COGNITIVE NEUROPSYCHOLOGY: CASE STUDIES ON MEMORY
CLIVE WEARING
Clive Wearing was a professional musician who developed herpes simplex encephalitis in 1985, causing extensive damage to the hippocampus and surrounding medial temporal structures, alongside frontal lobe involvement. This resulted in one of the most severe documented cases of amnesia. He presents with profound anterograde amnesia, meaning he cannot form new long-term memories, with awareness lasting only a few seconds before resetting. He also shows extensive retrograde amnesia, having lost the majority of his autobiographical past, although fragments of emotional memory remain, most notably his attachment to his wife.
Despite this, his procedural memory remains intact. He can still play the piano and conduct music with fluency, demonstrating that motor and skill-based memory operate independently from episodic and semantic systems. In daily life, he repeatedly experiences the sensation of “waking up” for the first time, requiring constant care and supervision. His case provides strong evidence that the hippocampus is essential for consolidating short-term memories into long-term memory, while also demonstrating that long-term memory is not a single unitary system.
H.M. (HENRY MOLAISON)
Henry Molaison underwent bilateral removal of the medial temporal lobes in 1953 as a treatment for severe epilepsy. This included significant portions of the hippocampus. While the surgery successfully reduced seizures, it resulted in a profound and permanent memory disorder. H.M. exhibited severe anterograde amnesia, being unable to transfer information from short-term to long-term memory. He could retain information briefly, but once attention shifted, the information was lost. He also displayed temporally graded retrograde amnesia, losing memories from the years immediately prior to surgery, while earlier childhood memories remained relatively intact.

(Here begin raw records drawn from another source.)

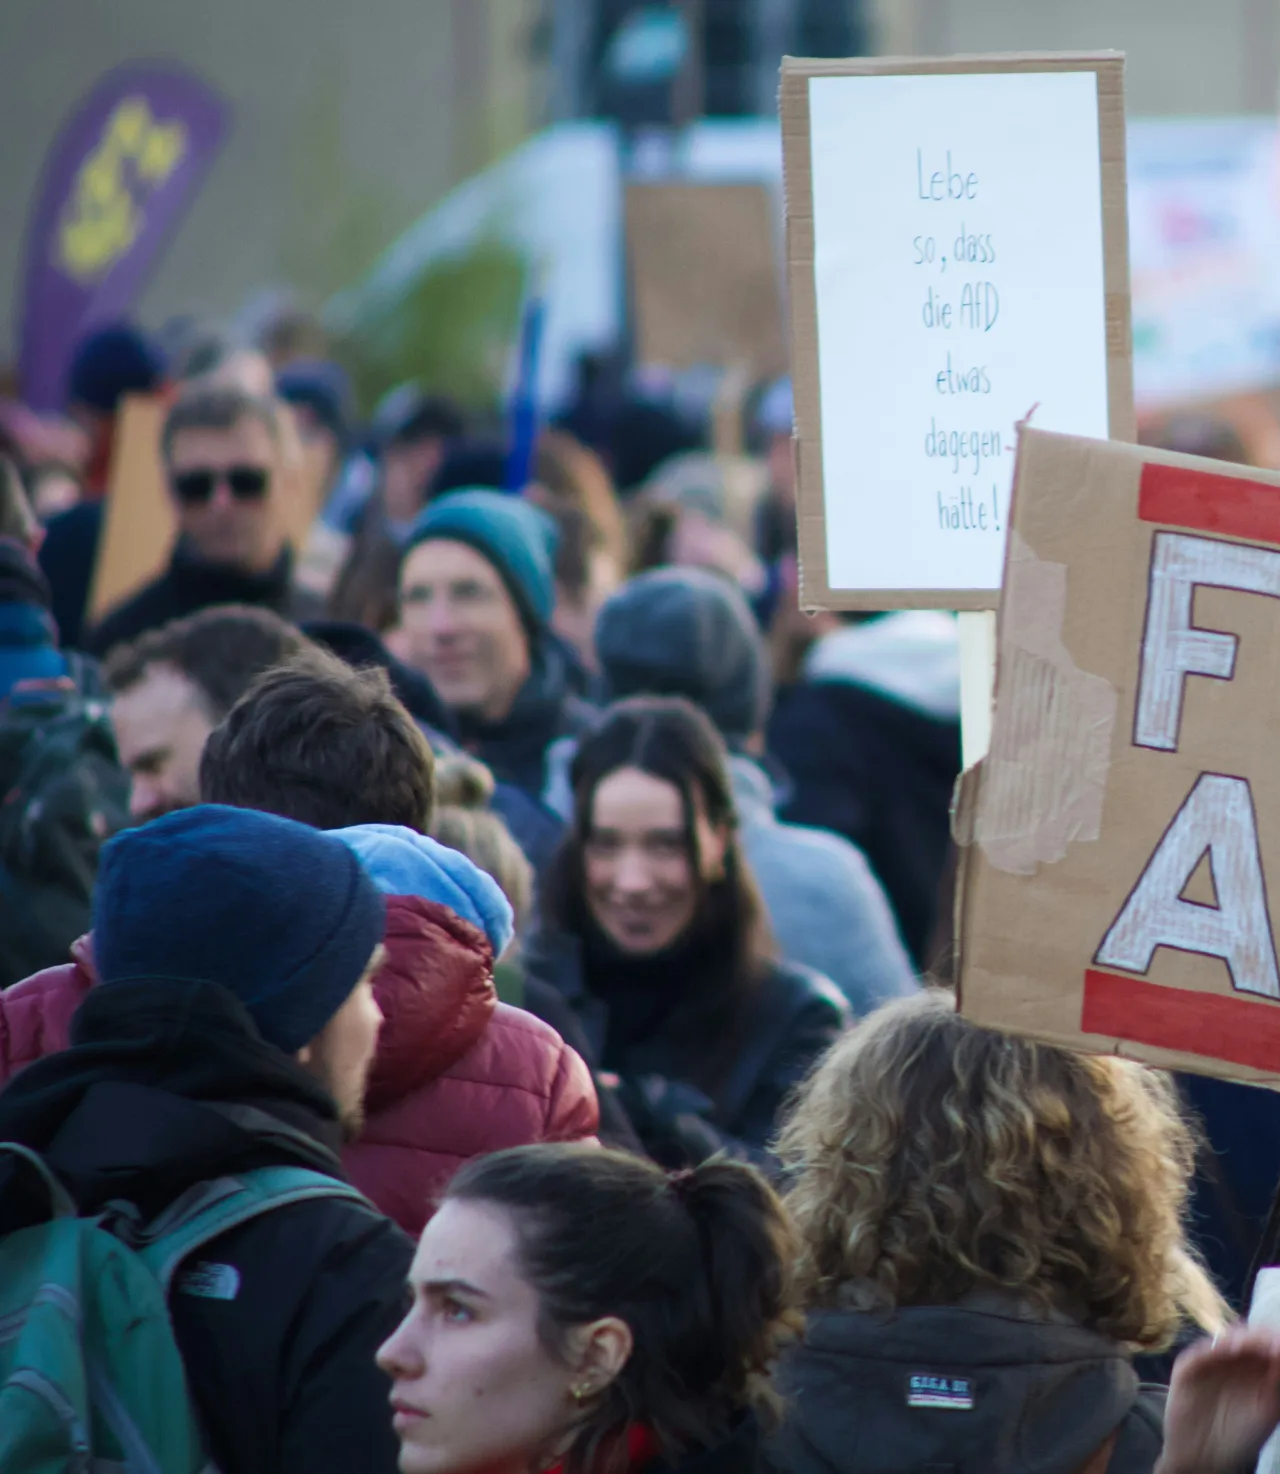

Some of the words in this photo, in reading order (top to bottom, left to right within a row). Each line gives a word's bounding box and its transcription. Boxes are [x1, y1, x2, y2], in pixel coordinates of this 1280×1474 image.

[917, 147, 979, 201] Lebe
[913, 235, 947, 273] so,
[954, 221, 996, 264] dass
[922, 285, 952, 329] die
[960, 281, 1000, 332] AfD
[936, 350, 992, 394] etwas
[925, 416, 1001, 476] dagegen
[937, 483, 1001, 531] hätte!

Crucially, his procedural memory was preserved. He learned new motor tasks, such as mirror tracing, showing improvement over time despite having no conscious recollection of practising them. In everyday functioning, he was unable to live independently, frequently repeating conversations and lacking continuity of experience. His case provided decisive evidence for the role of the hippocampus in memory consolidation and established a distinction between impaired declarative memory and intact procedural memory.
K.F.
K.F. suffered brain damage following a motorcycle accident, affecting the left parietal and occipital regions. Unlike Clive Wearing and H.M., his impairment was not centred on long-term memory but on short-term memory, particularly for verbal information. His digit span was severely reduced to around one or two items, indicating a marked deficit in verbal short-term storage. However, his visual-spatial short-term memory remained relatively preserved, suggesting that short-term memory is not a single system but composed of distinct subsystems.

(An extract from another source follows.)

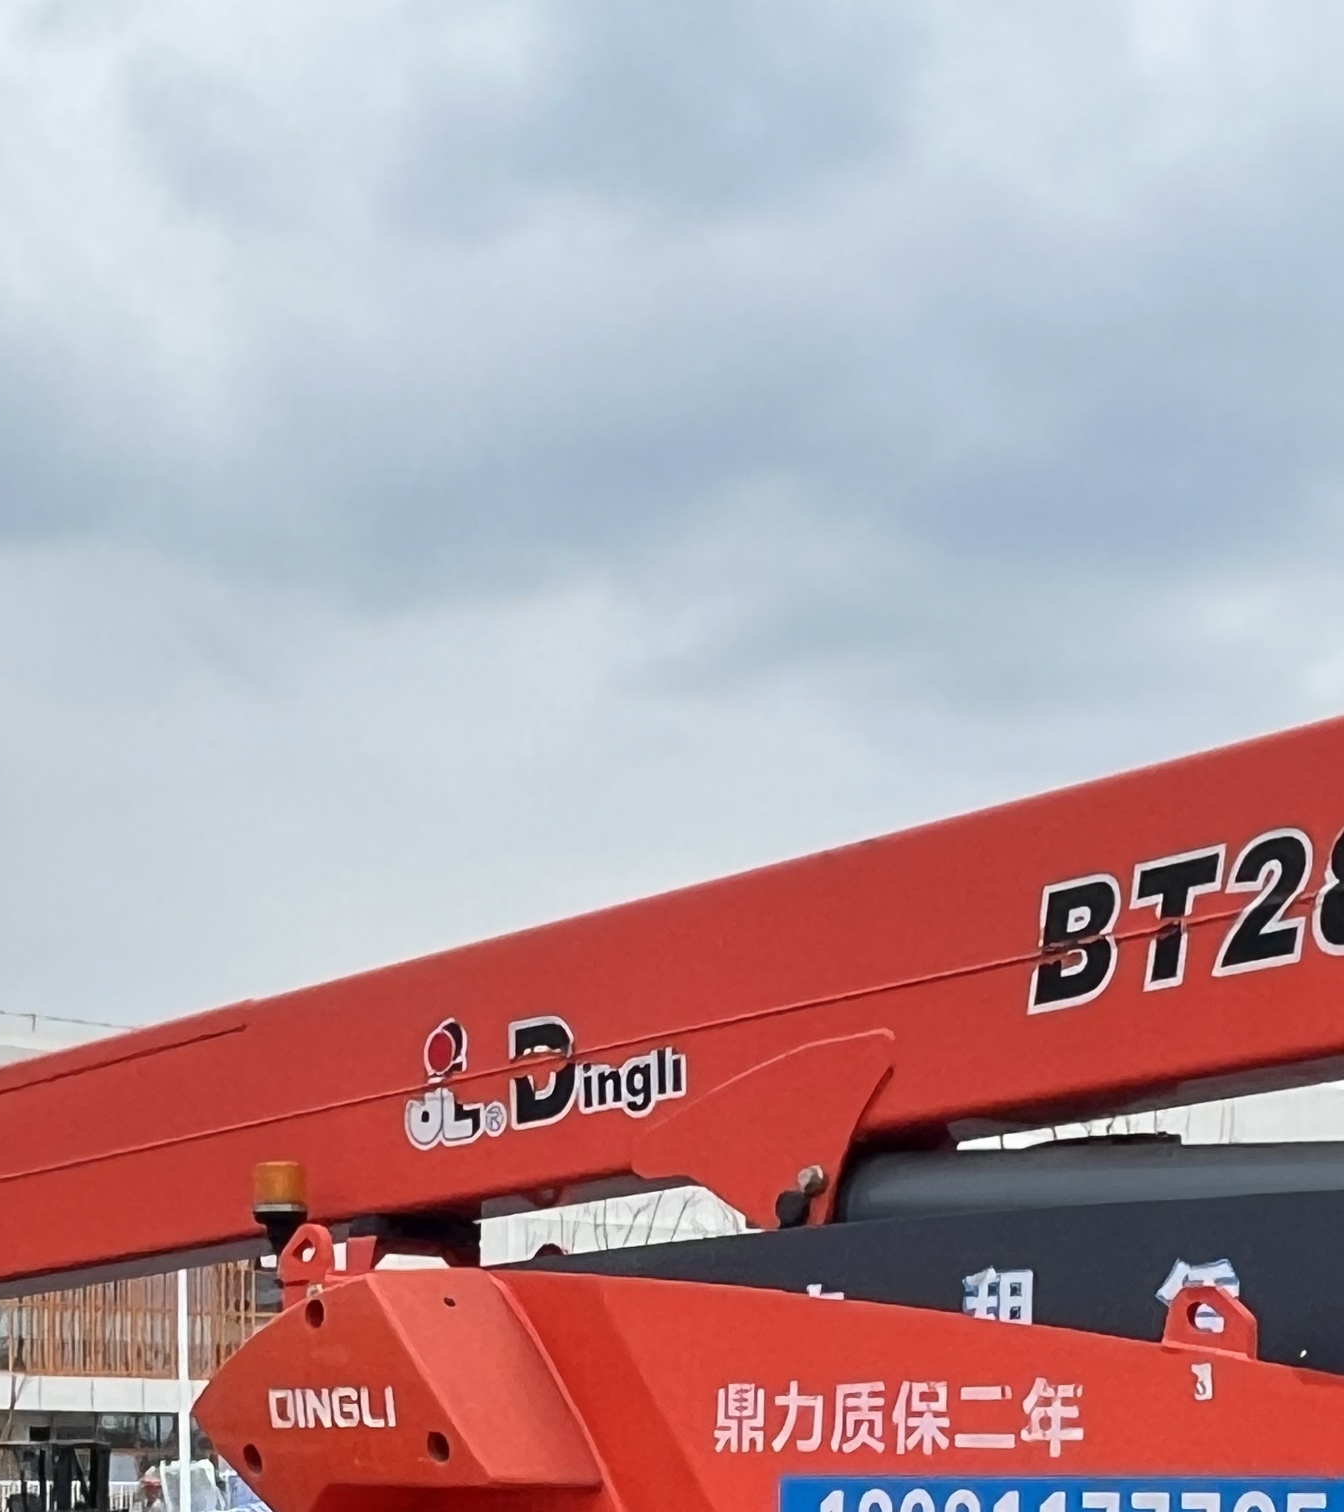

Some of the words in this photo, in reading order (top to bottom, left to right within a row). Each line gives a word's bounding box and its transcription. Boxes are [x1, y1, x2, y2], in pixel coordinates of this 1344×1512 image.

[508, 1014, 686, 1131] Dingli
[268, 1385, 397, 1429] DINGLI
[714, 1377, 1085, 1457] 鼎力质保二年

Importantly, his long-term memory was intact. He could form and retain new long-term memories, directly contradicting the assumption of the Multi-Store Model that information must pass through a unitary short-term store before entering long-term memory. In daily life, this meant he could function more independently than in the other two cases, although he experienced clear difficulties with verbal processing. His case provided key support for the Working Memory Model, particularly the distinction between the phonological loop and the visuospatial sketchpad.
SYNTHESIS AND THEORETICAL SIGNIFICANCE OF AMNESIA CASE STUDIES TO MEMORY MODELS
Taken together, these cases demonstrate that memory is not a single system but a set of functionally and neurologically distinct processes. Clive Wearing and H.M. show that damage to the hippocampus disrupts the formation of new declarative memories while leaving procedural memory intact, supporting the existence of multiple long-term memory systems. K.F. challenges the idea of a single short-term store and provides evidence for separate verbal and visual subsystems within working memory.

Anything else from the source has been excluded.